Des mains qui se tiennent pour former une ronde, un lancer de balle, des étirements, des rires… et nous ne sommes pourtant pas dans une cour d’école ! Du 25 janvier au 5 février dernier se tenait la 3e édition de la «rencontre» entre les coordinateurs nationaux (CN) et l’équipe du siège de Terre des Hommes Suisse. Une rencontre qui a lieu tous les trois ans et qui a pour objectifs de permettre à tous les acteurs, du Sud comme du Nord, de s’informer et de s’exprimer sur les outils de travail et les thématiques prioritaires que l’association a choisis comme domaines d’action. Elle vise aussi à créer et entretenir des liens et une cohésion dans l’équipe – d’où les activités matinales, physiques et ludiques – éléments essentiels pour une communication et une action efficace.
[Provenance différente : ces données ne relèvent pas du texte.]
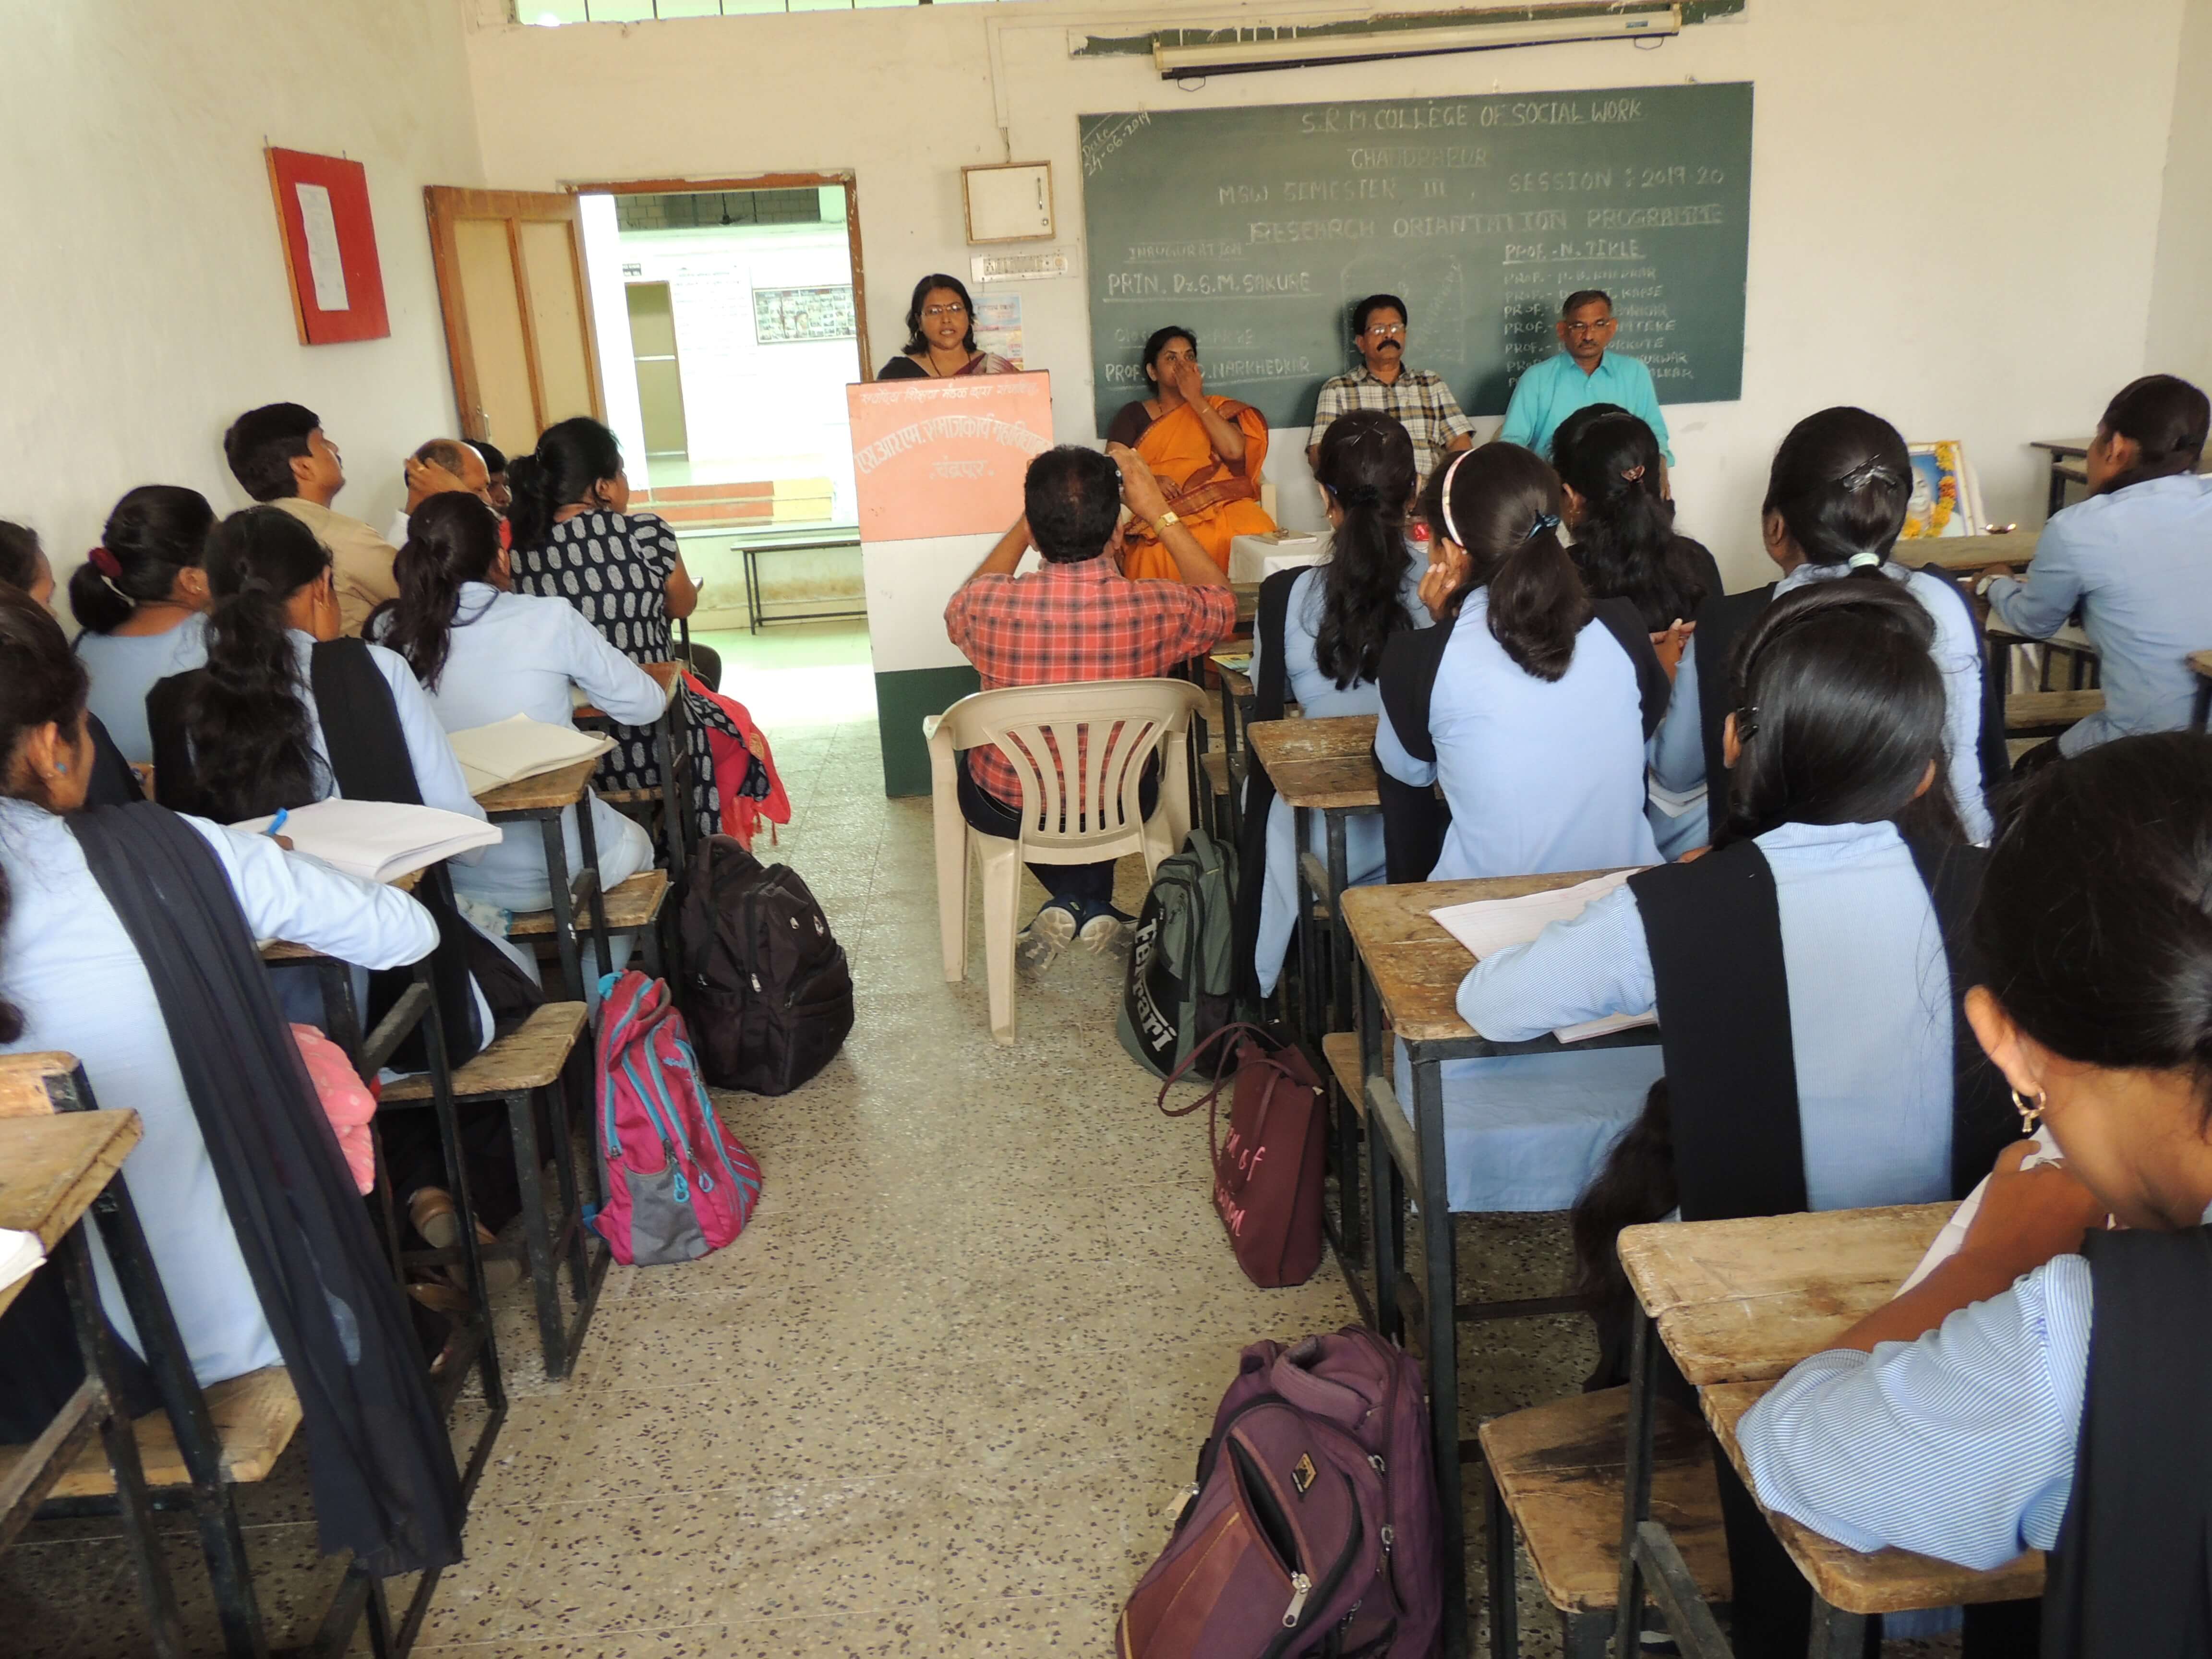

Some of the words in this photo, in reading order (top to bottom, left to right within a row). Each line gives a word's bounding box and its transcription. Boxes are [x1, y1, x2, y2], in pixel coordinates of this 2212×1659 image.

«Terre des Hommes Suisse est comme un corps vivant, avec ses émotions, sa raison, ses hauts et ses bas. Nous ne pouvons pas ignorer l’environnement anxiogène qui frappe l’Europe tout comme les pays dans lesquels nous sommes présents, ni négliger les bouleversements internes que nous traversons. Mais la constatation qui s’impose, c’est que nous gardons notre capacité d’indignation intacte, une foi maintenue en notre action et pour laquelle nous nous investissons complètement. Là est notre plus grande force» introduit Sylvie Dugeay, présidente de l’association.
Jour après jour, des réflexions, des discussions, des activités en groupes et des partages ont été menés autour de la protection de l’enfance, du droit à l’éducation ou du droit à l’alimentation, mais également de la participation des jeunes, de l »équité entre hommes et femmes, du droit à l’image, et du renforcement de nos associations partenaires. «Au-delà des documents, il est magnifique de bâtir ensemble l’avenir, dans la cohésion» souligne Vincent Kaboré, coordinateur régional de la zone Afrique-Caraïbes.
Quelques bribes saisies au vol
«Encourager la participation des jeunes permet d’atteindre d’autres objectifs, notamment celui de leur faire prendre conscience de leurs droits et de les outiller pour prévenir des abus» raconte Efrain Botero, de Colombie.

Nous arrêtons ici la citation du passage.